Ceramic Artist Denise Greenwood Loveless speaks purposefully through her art. See more of her amazing work by visiting her website.
I have always been in love with self-expression through art. I was number ten of twelve children. Our mother would work with the five “little girls”, teaching us to make paper dolls & design clothes for them. We had shoeboxes full of paper doll “haute couture”. In my first year of college, our family home burned down. Those paper doll shoe boxes, that’s the the stuff you really miss. You can never get it back.

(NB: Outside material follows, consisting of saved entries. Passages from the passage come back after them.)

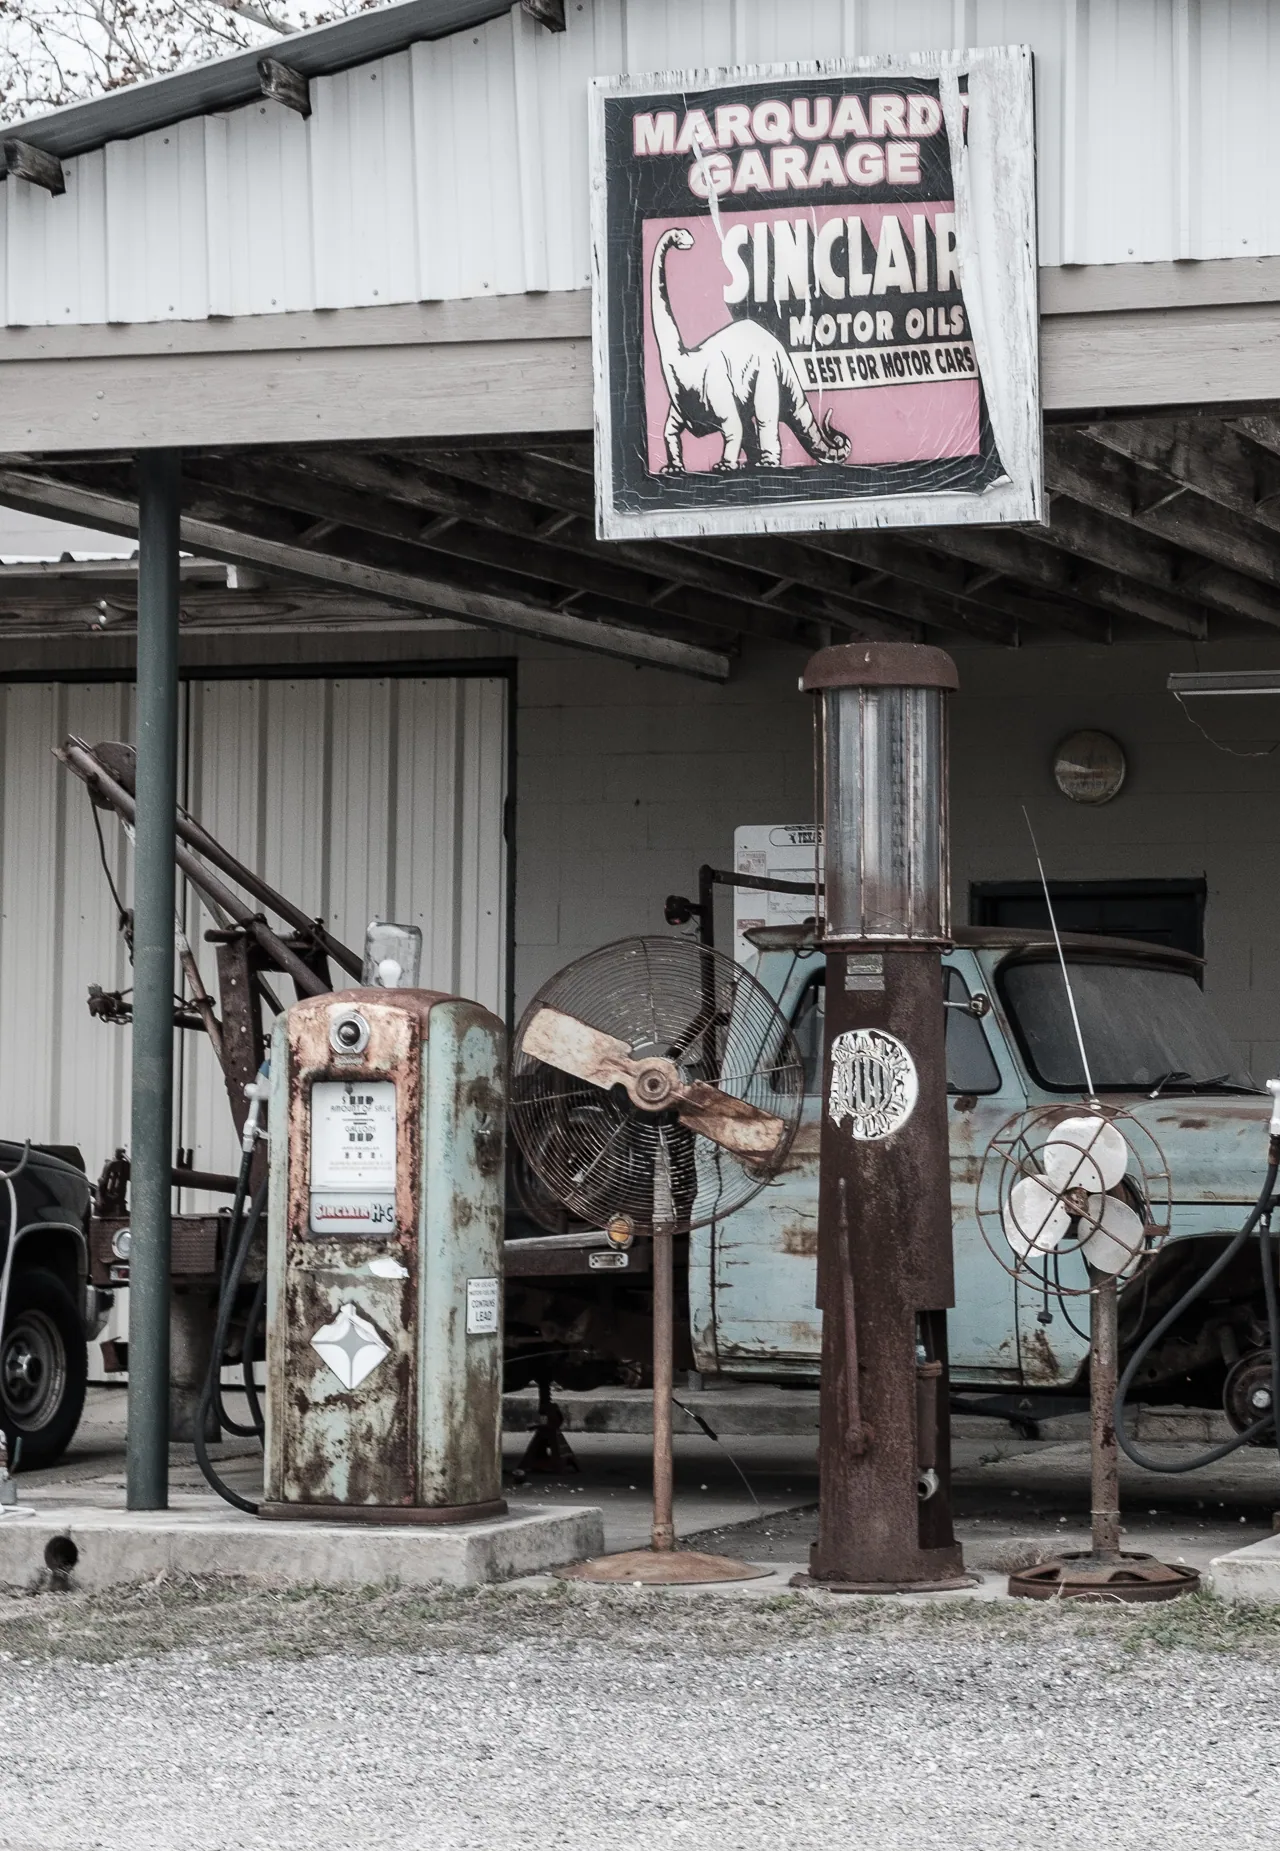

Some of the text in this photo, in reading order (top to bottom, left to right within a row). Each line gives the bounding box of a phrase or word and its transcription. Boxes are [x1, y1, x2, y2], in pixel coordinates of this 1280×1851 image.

[633, 93, 968, 156] MARQUARD
[688, 141, 922, 198] GARAGE
[722, 213, 962, 303] SINCLAIR
[789, 305, 965, 346] MOTOR OILS
[803, 346, 976, 384] BEST FOR MOTOR CARS
[315, 1203, 370, 1220] SINCLAIR
[475, 1310, 492, 1322] LEAD

After college, I sort of “ran away” from art. I still can’t say why. I suspect losing everything I had created, in my short lifetime manifested itself in that way. It felt like fear. It wasn’t until eight years later I realized I was tired of working in an office environment. I was teaching myself metalsmithing from a book I’d found. I just up & quit my job to try making jewelry for a living. About the same time I sort of stumbled into art directing film & video (another story altogether). Film is what paid the bills back then. Then, about eight years in, a friend had me sit down with a lump of clay. I made seven little heads. I was completely smitten.
My work is a bit whimsical, but I work at being dark, edgy. (A couple of years ago, a friend said ‘You are one of the happiest people I know. Why are you always saying you’re trying to work darker & edgier?’ All I know is it’s what works for me. It’s right where I feel I belong. Maybe it’s the balance thing.) I try to avoid ever hearing “cute”, though I sometimes still do. My work is sculptural, with emphasis on faces & figures. I have come to resent the image, or idea, that Hollywood has tried to sell us, that “normal” equates to beautiful, to ‘perfect’. I grew up with a brother who has cerebral palsy, a learning disability, & he is deaf. He has taught me invaluable life lessons, as a big brother should. I do believe “normal” is different for those of us who grew up with a handicapped sibling or other disabled family member. Who gets to decide?
I will sometimes create figures with missing limbs, holes in the heart or belly. To me, these “deformities” speak more to the emotional than to the physical. I also like to think there’s a spiritual element to my work.
I am always exploring the line where dark & light meet, trying to form sentences about human frailty, & imperfection. Not attempting to make any sense out of life, or arguing for any particular point of view, rather, to probe the act of seeing, & of being. To look inside, past the physical, to see what there is to see, & to feed the curiosity of viewers of my work, but mostly my own. Getting a feel for life, & dancing just beyond the demarcation of what is often the dark side of who we are.
There’s a real purpose & longing in my need to write this specific story, as there is to continue reading what I have managed, thus far, to get down: the characters, the setting, the plot & the conflict. I am learning volumes about myself as I continue to make art for a living. What could be better really? If I’m only going to be here on this planet for a short time, I might as well get a feel for what it means to be here.